I have been feeling some joy since I have completed the

resposibilities of raising three children, along with helping

and challenging some students, child care/babysitting kids

and neighbors’ children along the way. I feel very good with

those accomplishments.

There are still bubbles of hope for finding a partner, some

say to give up the quest. I am not sure that this is the way

I would like to go. There are some who advise that someone

may enter my life when I am not looking. That is entirely

possible, but it doesn’t hurt to keep my eyes open wide for

the ones who may be a little shy or not likely to approach

me. After all, my goal is to find a partner to share the rest

of the road, holding hands, having fun that we can remind

each other of, when there may be times our memory is

a little ‘faulty.’

I like the movie, “Moonstruck,” where Cher slaps Nicholas

Cage’s face, the line, “Snap out of it!” makes me smile! It

is almost as good as this one, repeated in teen shows and

some comedies, “Get over it!” or better yet, “Get over

yourself!” Letting go of your worries, the things that weigh

you down is so important to do. I also like this little ditty

that applies to us as we get older, “Eat dessert first!”

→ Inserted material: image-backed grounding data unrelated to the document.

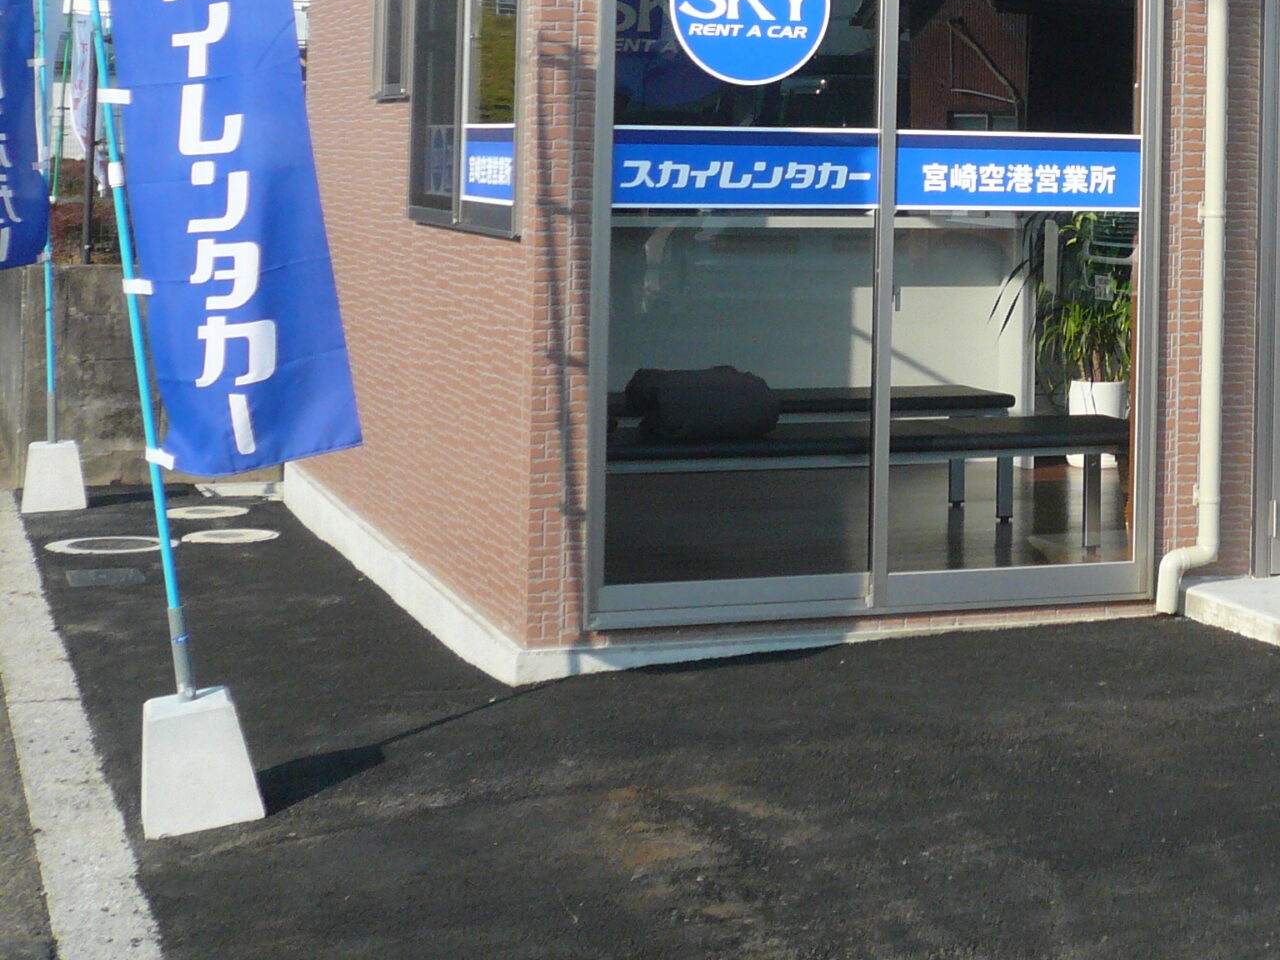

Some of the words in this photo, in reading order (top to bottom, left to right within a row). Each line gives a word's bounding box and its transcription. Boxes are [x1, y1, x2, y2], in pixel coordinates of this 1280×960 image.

[688, 23, 744, 37] RENT
[746, 24, 762, 38] A
[766, 25, 808, 39] CAR
[620, 158, 871, 191] スカイレンタカー
[921, 162, 1116, 196] 宮崎空港営業所

To me, it is not so much about the content of the words

but the meaning behind them. Enjoy life and don’t wait

to get to the fun part of life!

There is a big wave of authorities and an author besides

who is emphasizing writing down what you would have

told your younger self. The “notes to self” movement is

good, maybe to teach others who have not made their

mistakes yet. But, to tell you the truth, honest to God!

If I had a time capsule and sent myself the warnings and

other pieces of sound advice I am thinking would be so

wise to impart: There is NO way I would have changed

any of my actions!

I had parents who I loved dearly and did not rebel

against since they were that good. I chose the men I

chose, who let’s face it, those are my biggest mistakes,

ALL BY MYSELF! Against advice of my parents and even

one friend of mine, too. I honored and respected my

Mom and Dad, yet went against their best guidance.

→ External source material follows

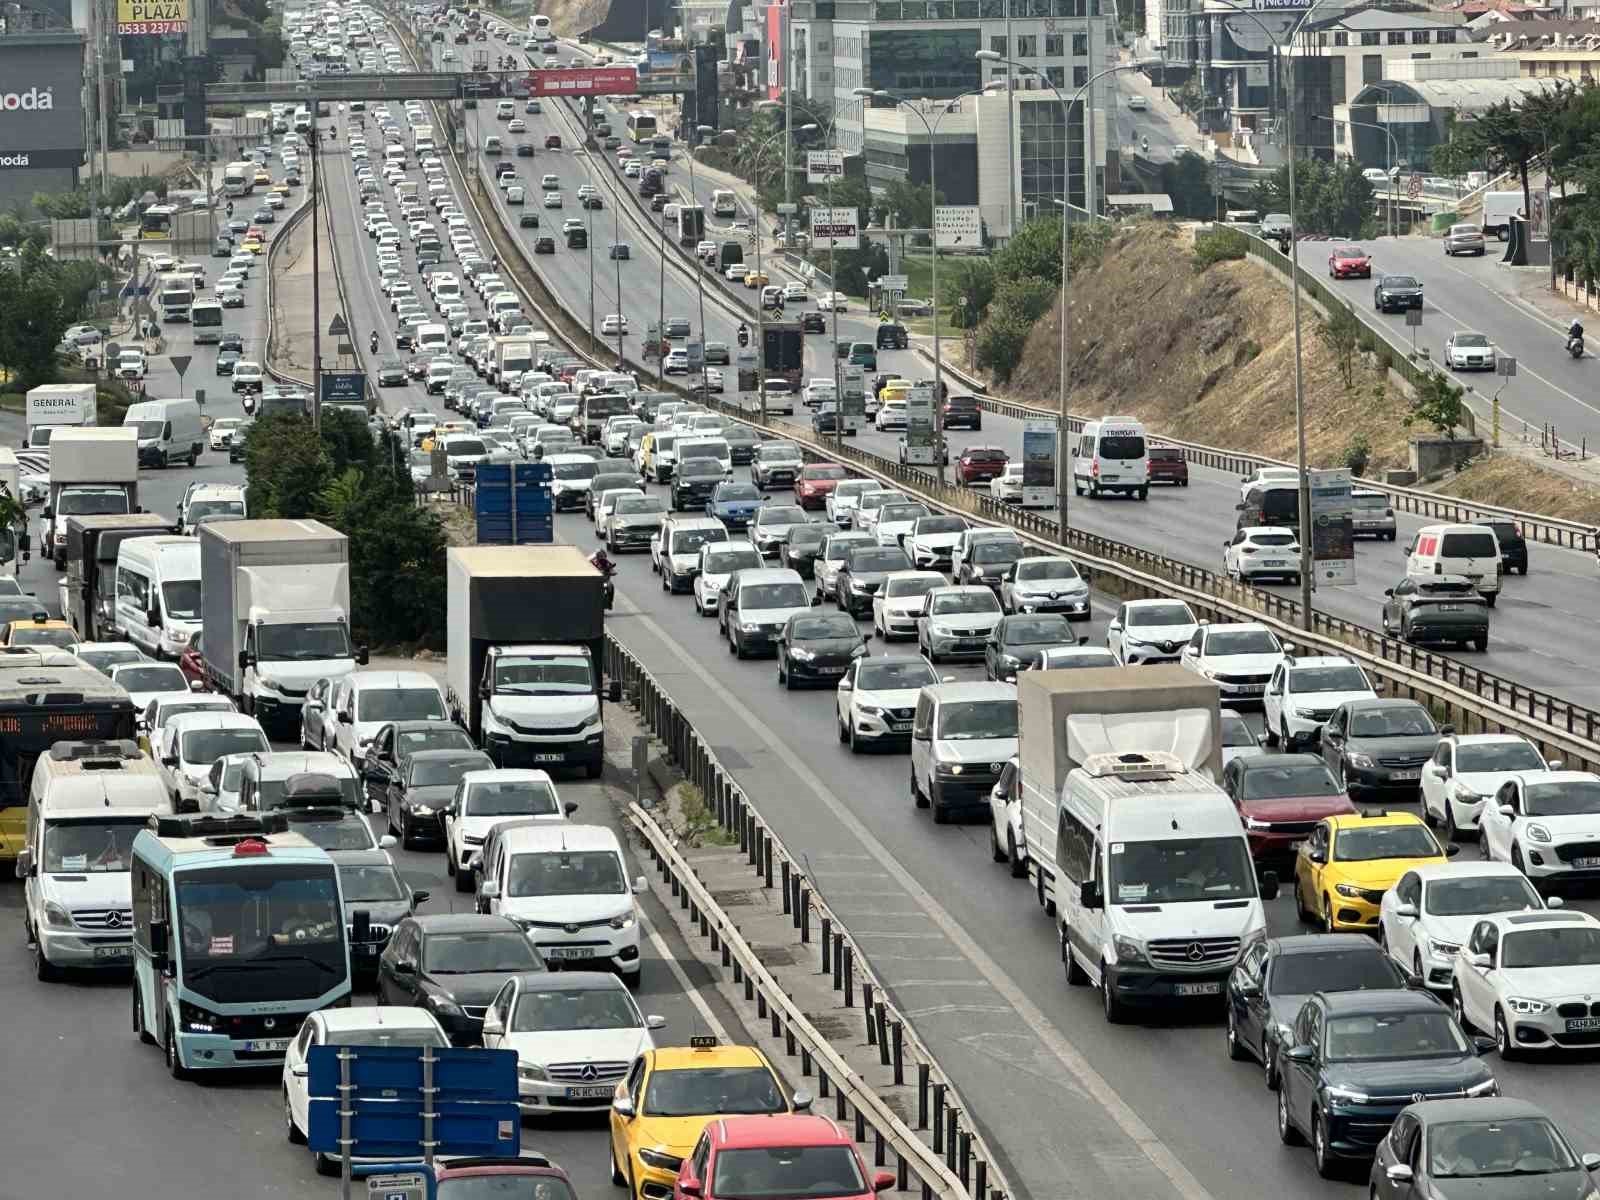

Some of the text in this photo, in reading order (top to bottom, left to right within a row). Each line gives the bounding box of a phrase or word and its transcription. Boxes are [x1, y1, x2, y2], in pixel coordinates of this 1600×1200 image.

[132, 4, 181, 20] PLAZA
[118, 22, 147, 34] 0533
[149, 22, 169, 33] 237
[33, 399, 77, 407] GENERAL

Oh well! I have to get over myself and those books or

notes to self would have been ripped up and thrown

out, sorry to say!

The best compliment is that I survived my mistakes

and I hope my face shows some of those happiest

seared into my brain and memory moments. I made

it after all!

I am well aware when I visit my mother that I may get

more forgetful, she likes to ‘hide things’ but ends up

forgetting where she hid them! I like to think it is okay

to forget because she seems so much happier, less

stressed.

The sands of time are slipping down the glassed walls

of the big timer in each of our lives. It is like a sundial

that is pointing with the shadows each day more quickly

passing to the next.

If you are like me, over fifty, there is more sand at the

bottom of the timer and less at the top. Like the gas

in your car, the gauge once it reaches below the half

way point, it seems like the gas runs out more quickly.

It would be nice to put the timer sideways, or retip it

so it will have more time left. But that is not the way

life goes.

So, cherish each grain of sand, let it be a special moment

and notice more, seek more, challenge yourself to get out

of your ‘comfort zone.’

Lastly, as you are possibly reflecting on your growth and

self awareness, have you developed some good strategies

to handle the future? Are you looking at that face with its

lines and saying, they were all worth it, each and every one?

The credit or inspiration for this post today, is from a

column Connie Schulz wrote and was published on:

February 19, 2012. She chose five face photographs and

commented on her own self awareness and ones that

were less complimentary, explaining why. The ages she

chose are interesting, too. She chose ages 12, 21, 37, 45

and 53. Connie’s story was titled, “My Story in Five Faces.”